Voltar para listagem de colunas Inserida em: 17/04/2017 Colunista: Carlos Pinto

 

“A esperteza quando é muita,

cresce, fica grande, vira bicho

e come o dono. ”

(Tancredo Neves)

 

Um maremoto invadiu Brasília, tão logo veio a público o teor das delações premiadas de dirigentes da Odebrecht. Poucos escaparam desse dilúvio que envolve, principalmente, a “nata” da classe política brasileira. Dá nojo assistir os telejornais e tomar conhecimento que, quem mandava no País era essa empresa, cujo cabedal de espertezas para corromper a classe política, não encontra similar no planeta.

Mas antevendo os estragos que tais delações fariam na imagem, já arranhada, de determinadas “lideranças”, os espertos de plantão trataram de elucubrar formas de escapar da Lava Jato, e evitar sentar na frente do juiz Sergio Moro. Daí surgiu uma antiga ideia de não mais deixar o eleitor escolher, individualmente, os seus candidatos e enfiar pela nossa goela abaixo a chamada lista fechada, ou seja: o tonto do eleitor passaria a votar em uma lista, elaborada pelos partidos, onde todos esses malandros que estão com a corda no pescoço, teriam seus nomes nos primeiros lugares, garantindo assim a sua reeleição.
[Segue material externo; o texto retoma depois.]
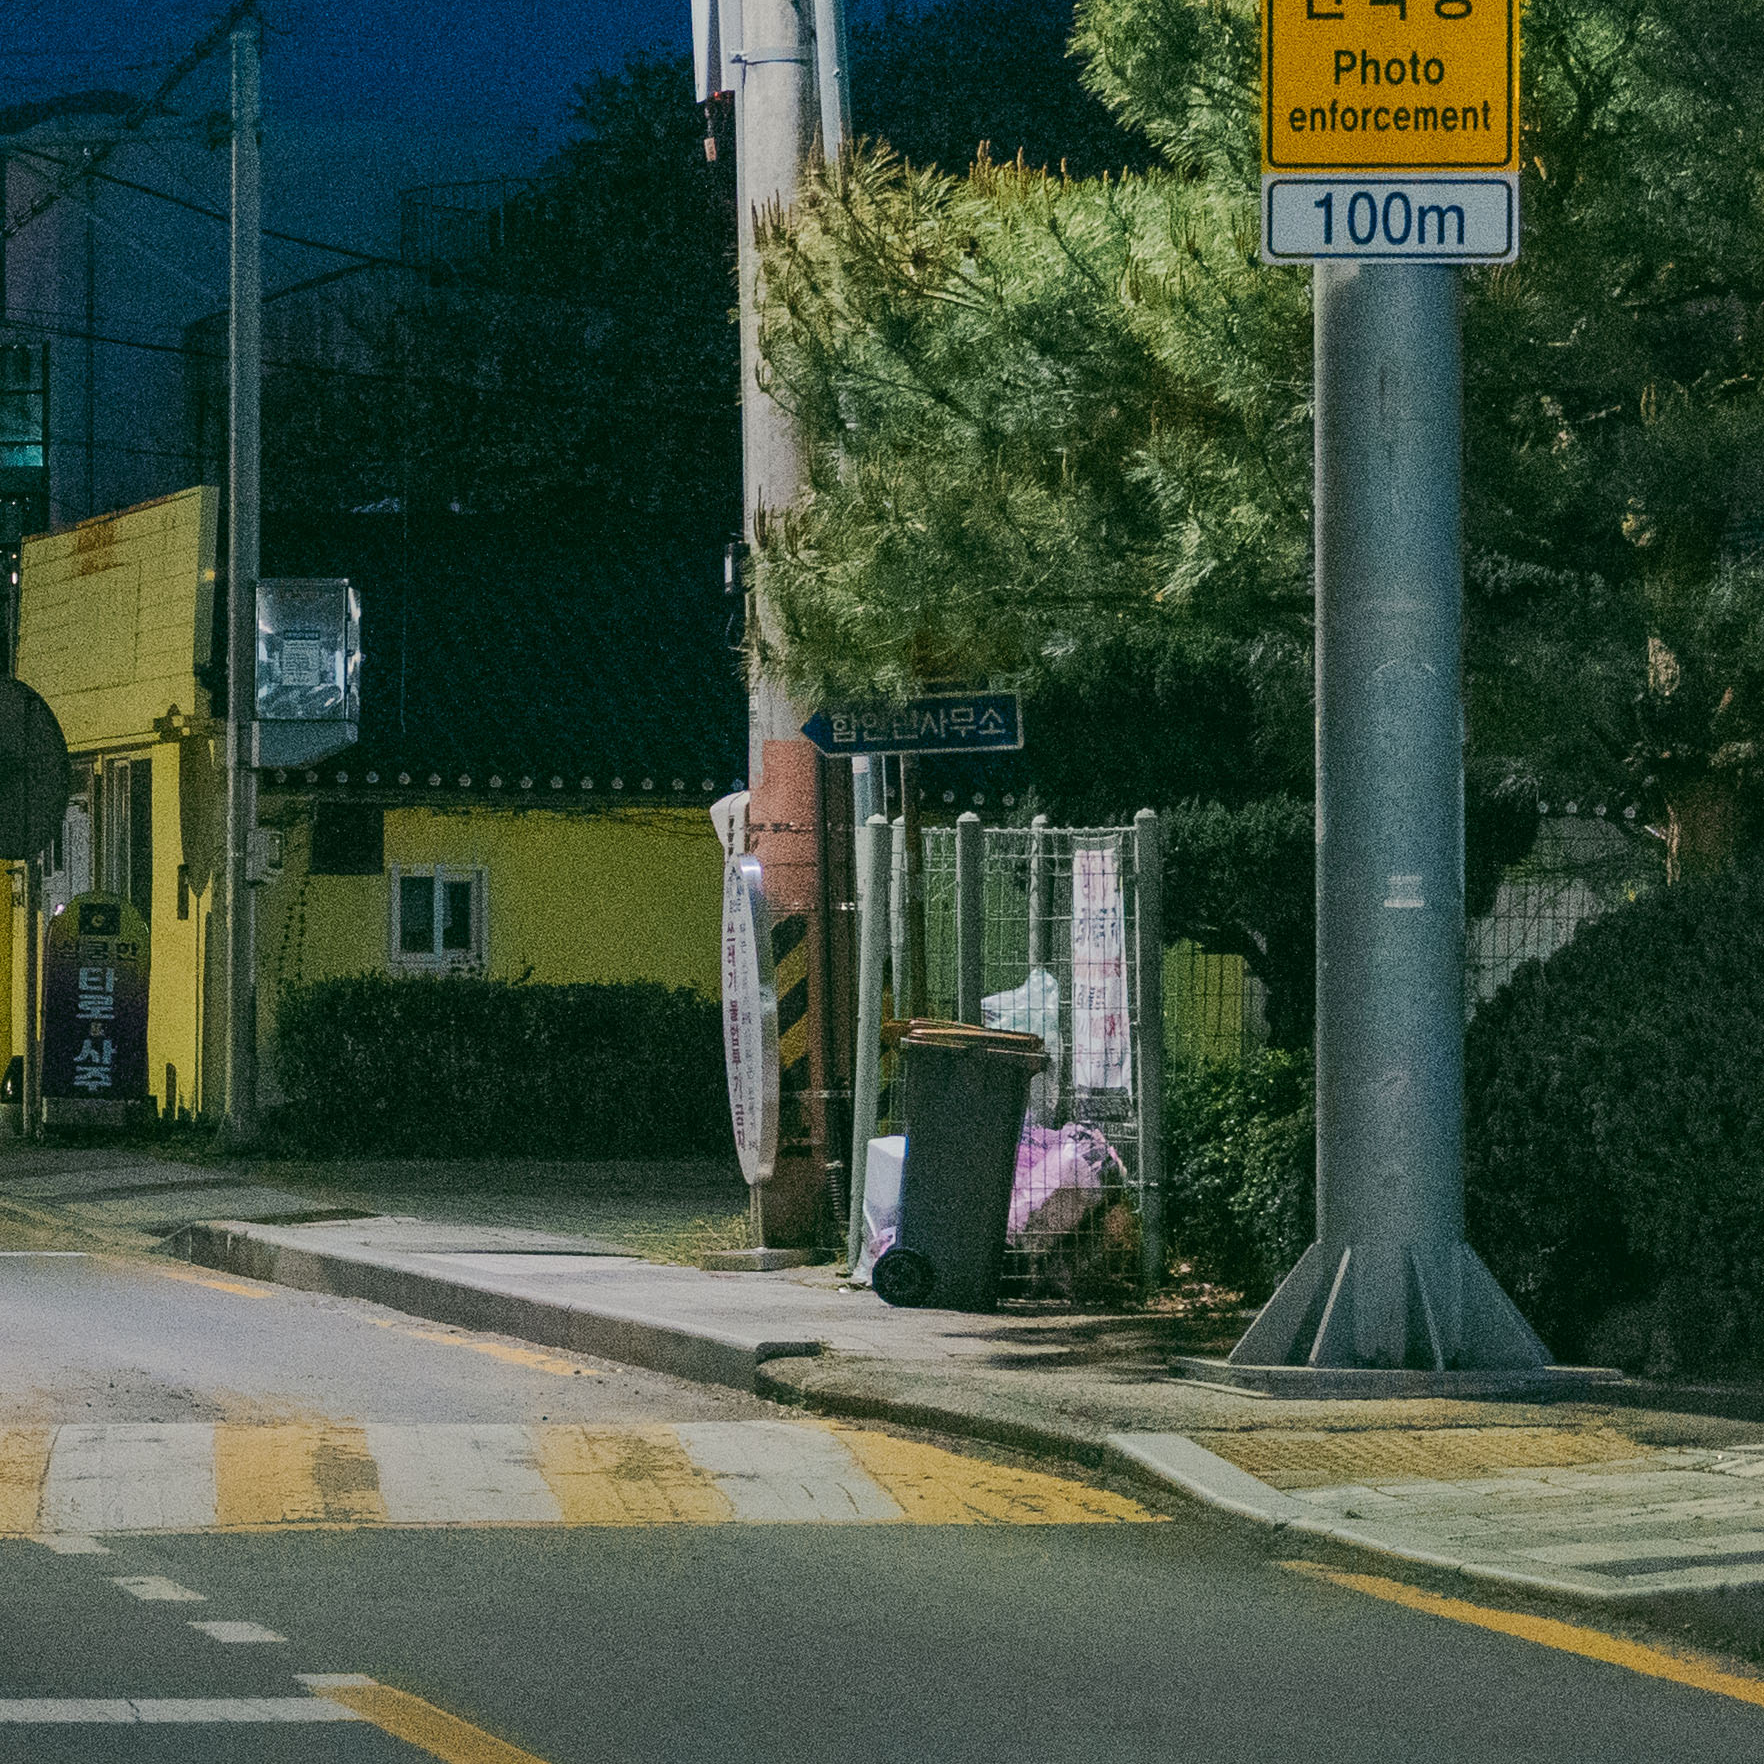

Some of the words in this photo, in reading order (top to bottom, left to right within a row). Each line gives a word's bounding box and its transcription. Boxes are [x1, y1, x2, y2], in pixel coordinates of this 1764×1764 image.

[1333, 49, 1445, 86] Photo
[1288, 98, 1492, 132] enforcement
[1313, 190, 1466, 246] 100m
Se insistirem nesse casuísmo, é caso de se invadir o Congresso e colocar um ponto final nessa bandalheira toda. Copiar o que os paraguaios fizeram recentemente quando os deputados votaram o estatuto da reeleição para presidente, contrariando a maioria do povo guarani. Estamos muito apáticos diante de tantos malfeitos, que corroem as finanças do país, e nos fazem padecer por falta de uma saúde de qualidade, uma educação de primeira linha, um desrespeito total as nossas raízes culturais.

Visualizar os membros da família Odebrecht, discorrendo sobre todas as patifarias em que participaram, até com um certo cinismo e ironia, é motivo mais que justificado para atitudes mais radicais. Na verdade, eles mandavam ou mandam no País, sem concorrer a nenhuma eleição. Cada deputado ou senador nada mais eram que estafetas de seus interesses comerciais, aos quais eram dados os bônus milionários surrupiados de empresas estatais.

E o pior, é que ainda faltam as delações de outras empresas, o que por certo provocará um novo terremoto. Na sequência vem as delações dos diretores da OAS, Camargo Correia, Engevix, e Andrade Gutierrez, entre outras. Quantos mais parlamentares e ministros aparecerão nessas delações? E cabem outras questões, oriundas de dúvidas que pairam no imaginário popular: será que os mensageiros dessas empresas, entregavam mesmo as quantias que ora relatam, ou simplesmente abocanhavam a grana e afirmam agora ter entregue? Tem recibo?

Enfim, como uma novela macabra, só nos resta aguardar os novos capítulos, e ver até onde vai esse mar de lama. Mas se os congressistas insistirem na aprovação dessa lista fechada, na tentativa vã de escapar das malhas da lei, só resta ao povo tomar o poder e fazer justiça. O que se quer é o fim do foro privilegiado, e a aprovação das dez medidas contra a corrupção, propostas pelo Ministério Público, e apoiadas em mais de dois milhões de assinaturas de eleitores.